** Your instructions **
Copy out the data that comes next, character for character, and leave the images aside.

---------- Source data

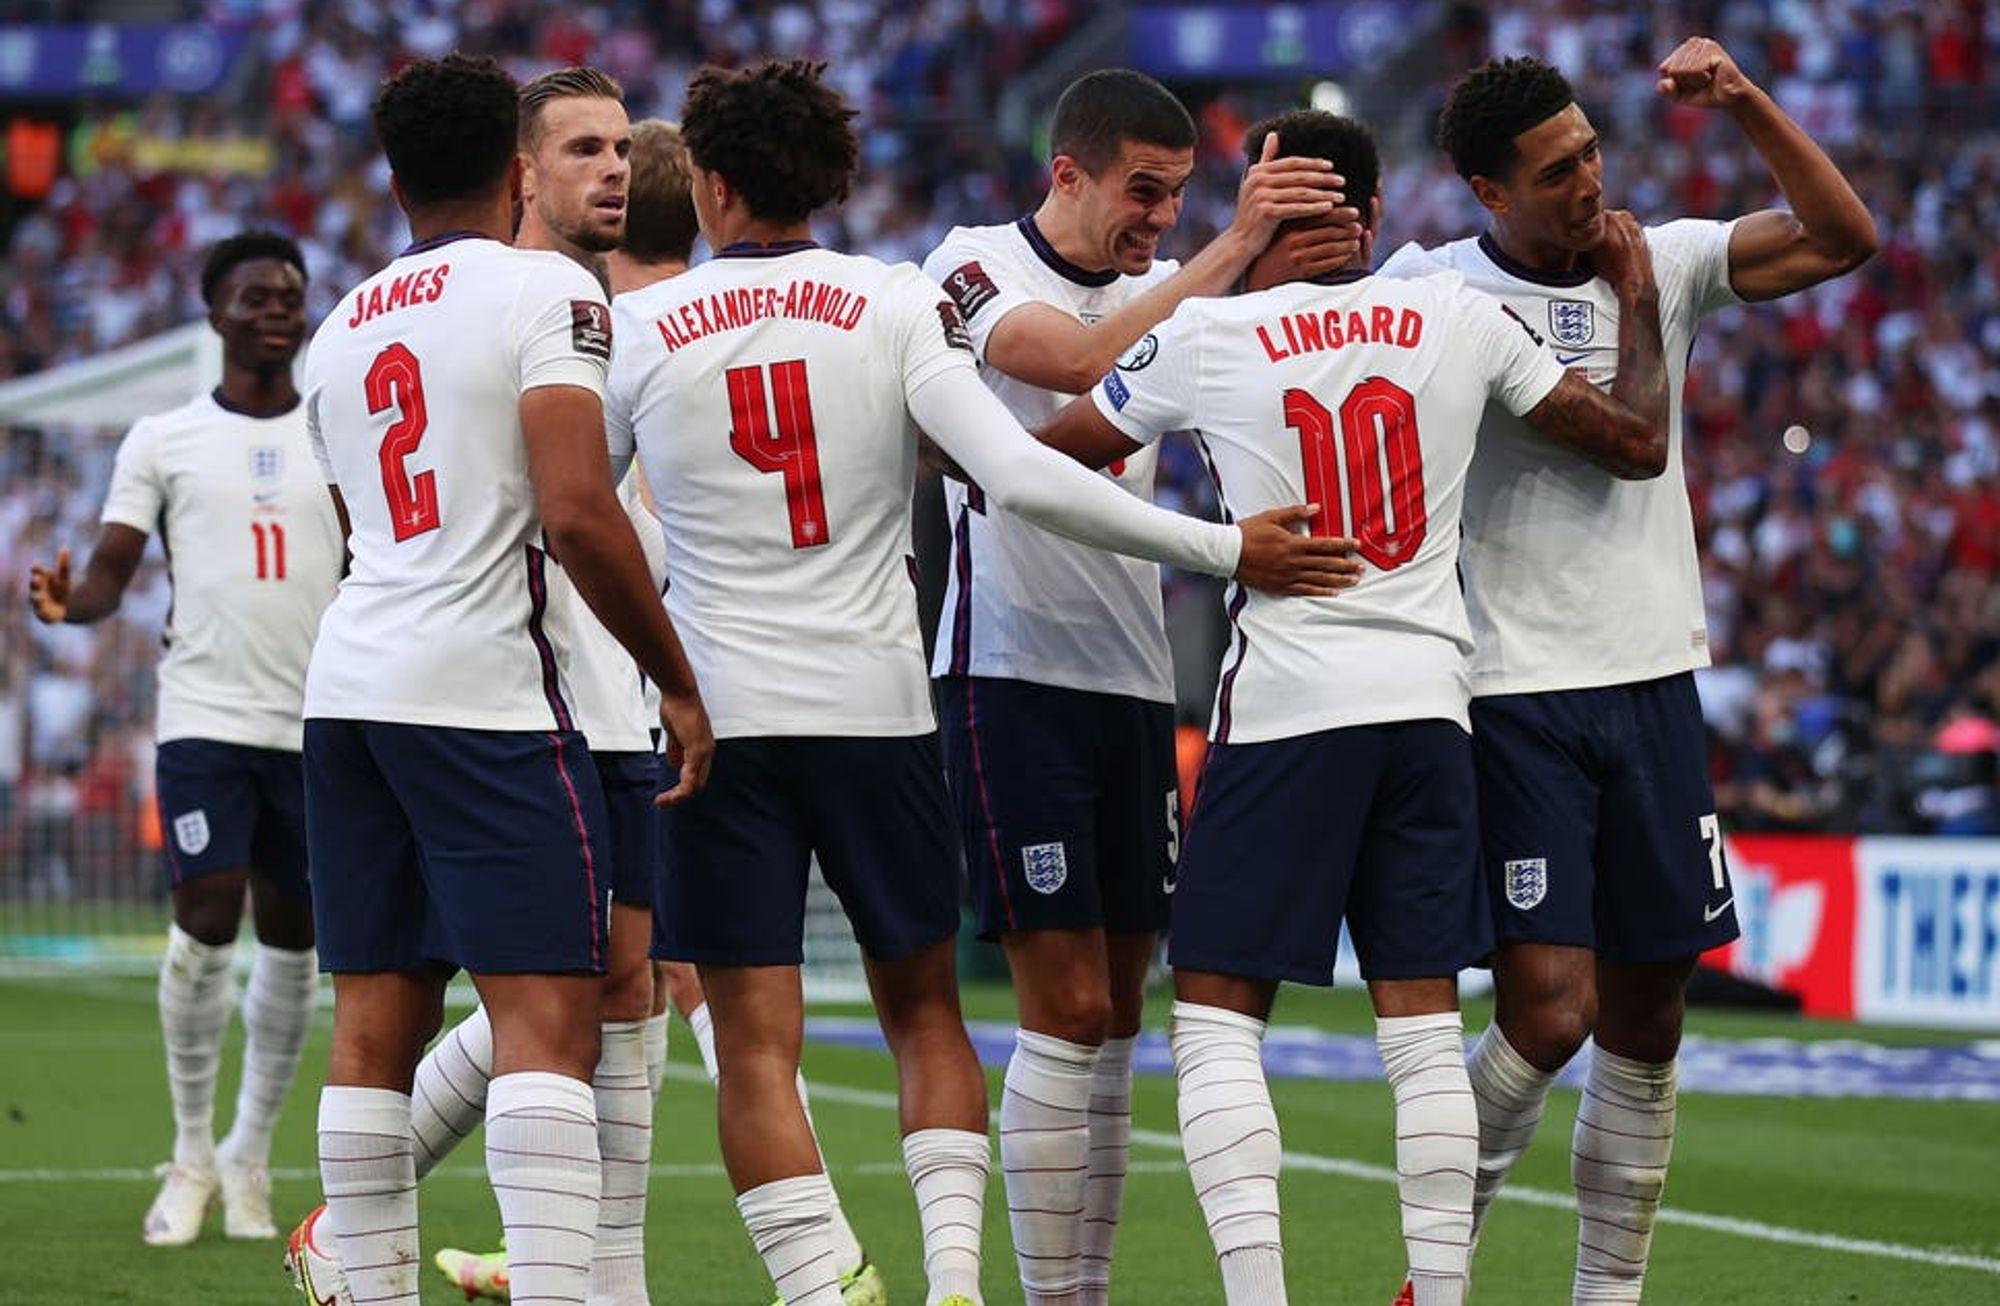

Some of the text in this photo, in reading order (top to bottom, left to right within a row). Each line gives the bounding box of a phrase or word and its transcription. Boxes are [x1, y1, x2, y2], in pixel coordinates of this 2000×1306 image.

[349, 264, 450, 329] JAMES
[656, 280, 868, 353] ALEXANDER-ARNOLD
[1255, 305, 1423, 363] LINGARD
[364, 341, 441, 544] 2
[725, 358, 830, 550] 4
[1282, 375, 1428, 571] 10
[251, 521, 287, 581] 11
[1698, 812, 1725, 890] 7

--------------------

** Solution to this problem **
Some of the text in this photo, in reading order (top to bottom, left to right within a row). Each line gives the bounding box of a phrase or word and its transcription. Boxes are [x1, y1, x2, y2], in pixel coordinates of this 2000×1306 image.

[349, 264, 450, 329] JAMES
[656, 280, 868, 353] ALEXANDER-ARNOLD
[1255, 305, 1423, 363] LINGARD
[364, 341, 441, 544] 2
[725, 358, 830, 550] 4
[1282, 375, 1428, 571] 10
[251, 521, 287, 581] 11
[1698, 812, 1725, 890] 7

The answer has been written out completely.